Lessons From Building A Business Podcast In Grade 12

Knot in my stomach. I was sweating bullets before my first ever podcast interview. A know-nothing highschool kid interviewing BC business giants. A dozen episodes later, I am beginning to see common threads among the millionaire and billionaire guests who agreed to talk to me.

All I knew was that I wanted to meet and learn from some of the movers and shakers in Canadian business, and I thought a podcast would be the easiest way to reach them.

Pandemic raging and schools closed, I decided to launch a podcast in May 2020. Although my first guest was CEO.CA founder Tommy Humphreys, who is my first cousin, I was filled with fear. Although the interview was with a family member, it was a family member I highly looked up to.

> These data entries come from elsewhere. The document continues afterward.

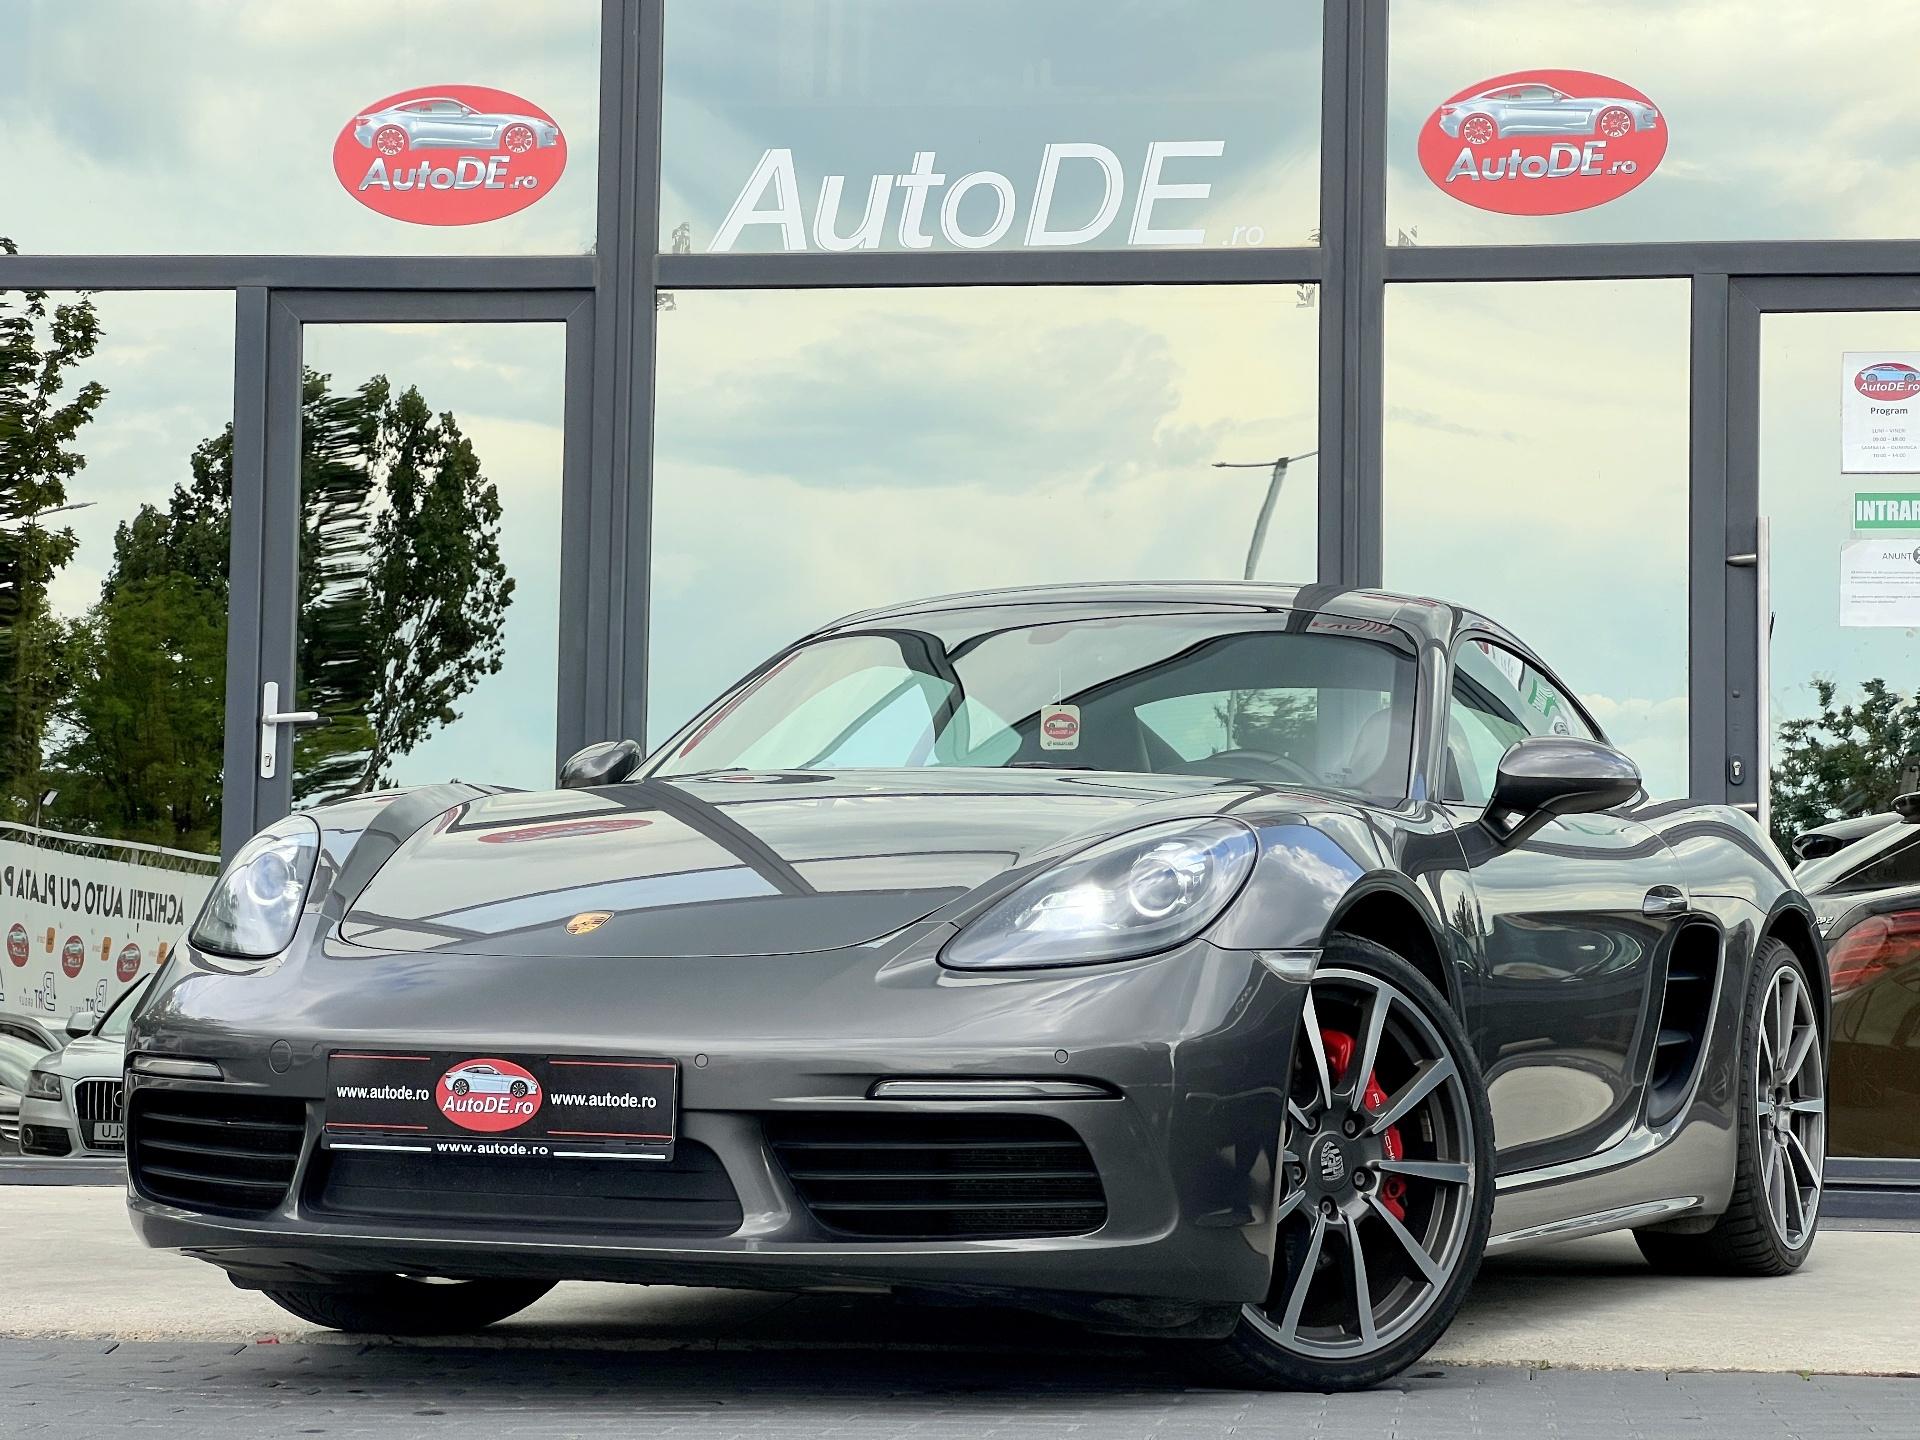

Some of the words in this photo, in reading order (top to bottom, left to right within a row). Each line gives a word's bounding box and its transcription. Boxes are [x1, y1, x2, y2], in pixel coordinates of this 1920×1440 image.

[1859, 381, 1920, 392] AutoDE.ro
[1870, 407, 1908, 416] Program
[336, 1083, 430, 1101] www.autode.ro
[550, 1091, 657, 1109] www.autode.ro
[442, 1096, 534, 1116] AutoDE.ro
[436, 1141, 549, 1156] www.autode.ro

A few days after publishing my first episode, I reached out to Jamie Keech, co-founder of Resource Insider. Previously that year, I had seen Jamie give a speech at the VRIC. I found it exciting, and I thought I would reach out to him for an interview. Thankfully, Jamie loved what I was doing and, in a matter of hours, responded with "I'm in." What if I mess up in front of Jamie? What if I'm caught with nothing to say? These questions were going back and forth in my mind. I had to ignore them and focus on providing great questions for Jamie to answer.

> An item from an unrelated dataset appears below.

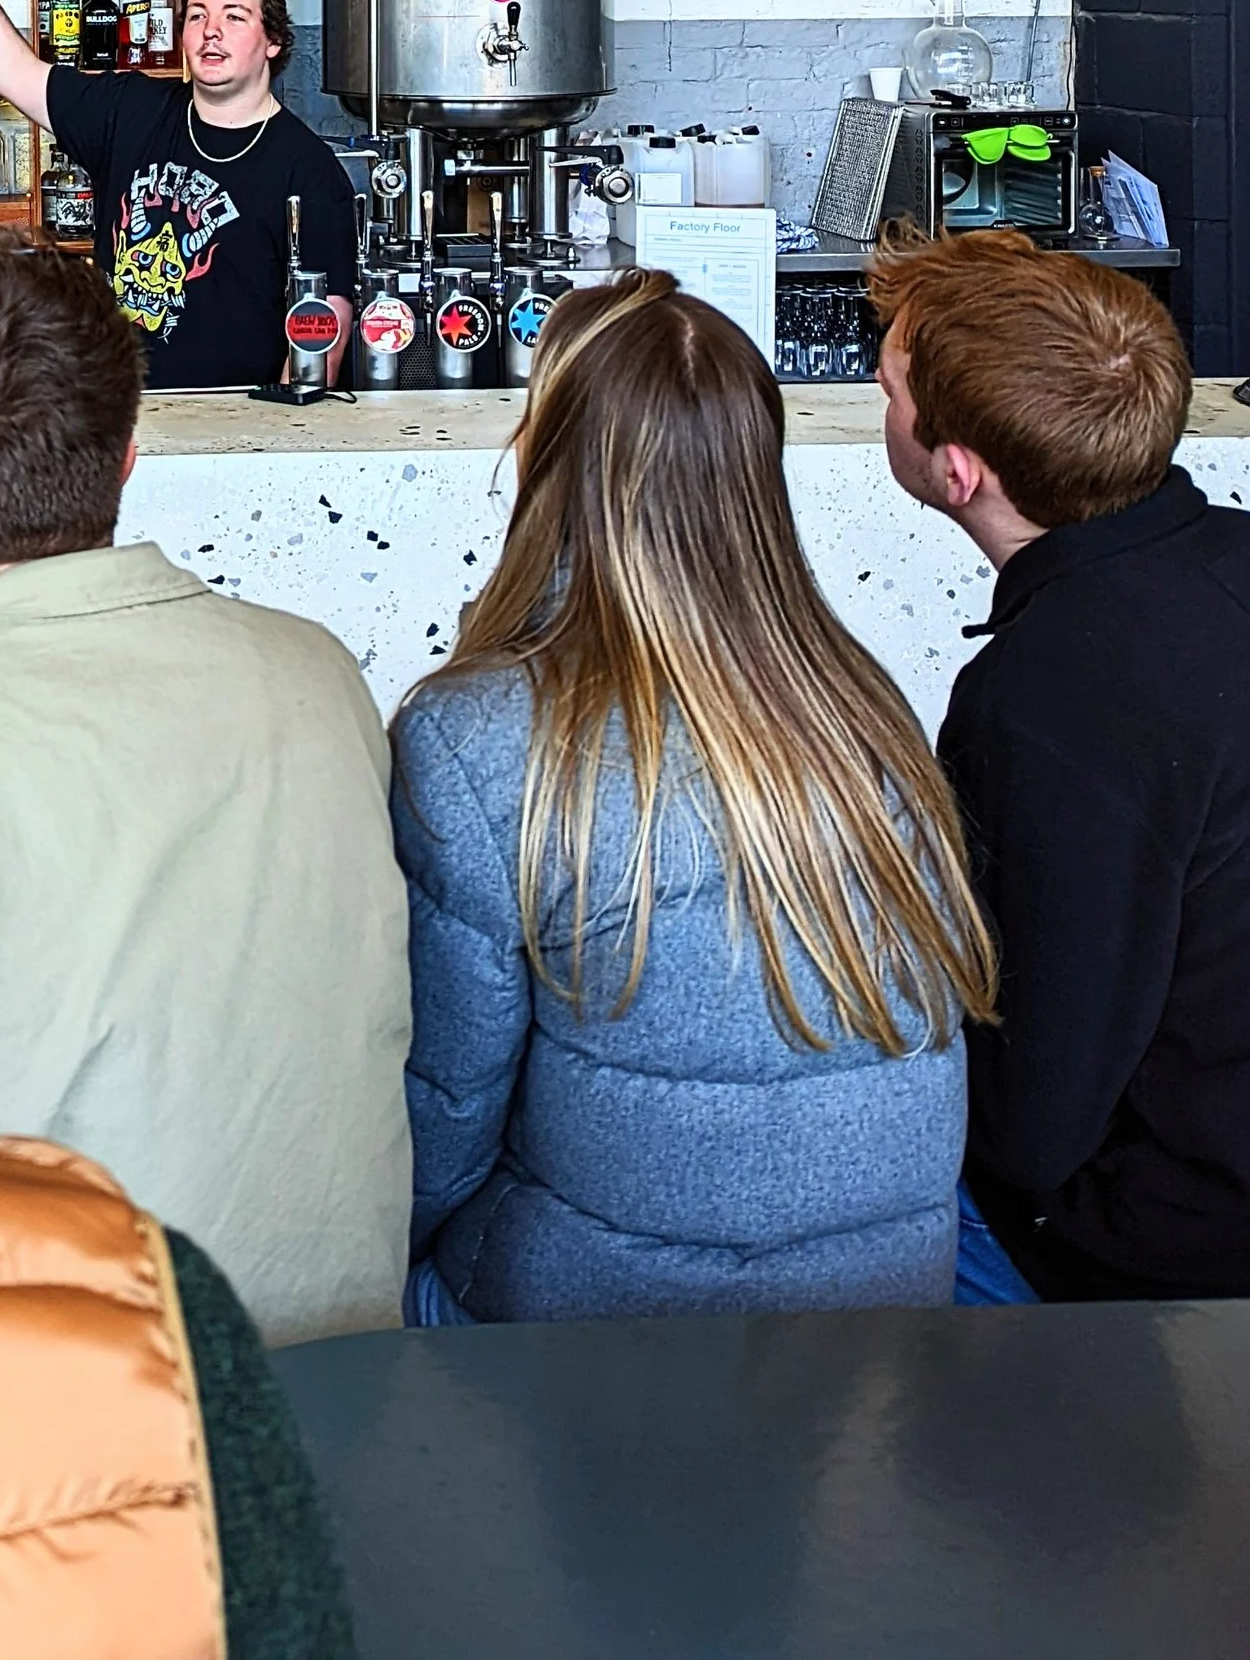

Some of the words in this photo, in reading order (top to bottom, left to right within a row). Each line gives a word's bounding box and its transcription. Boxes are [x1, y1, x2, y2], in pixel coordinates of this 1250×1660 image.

[670, 220, 710, 233] Factory
[713, 222, 741, 233] Floor
[458, 304, 485, 332] FREEDOM
[458, 334, 479, 346] PALE

It was time for the interview; I had prepared a tremendous amount. I was determined to make this work. I couldn't have been happier with the results. It turned out incredible. This gave me an enormous amount of confidence. I was ready to make this work, and I was confident I could interview anyone.

In the next month, I interviewed two highly respected names in the real estate industry. Both Jeff Fleming and Rob Fiorvento joined me on my podcast and provided me with insightful conversation. Next was my first billionaire, Tom Gaglardi, owner of the Dallas Stars and CEO of Northland Properties. Luckily, his son played on my hockey team back in grade 3 and 4. I was able to reach out to him and use him as a connection to email Tom. Here, the anxiety started to kick in a bit more. This was one of the wealthiest men in Canada. Having a well-done interview with him on my podcast would provide a lot of credibility. As I had done before, I went into the interview expecting a successful conversation, and it happened.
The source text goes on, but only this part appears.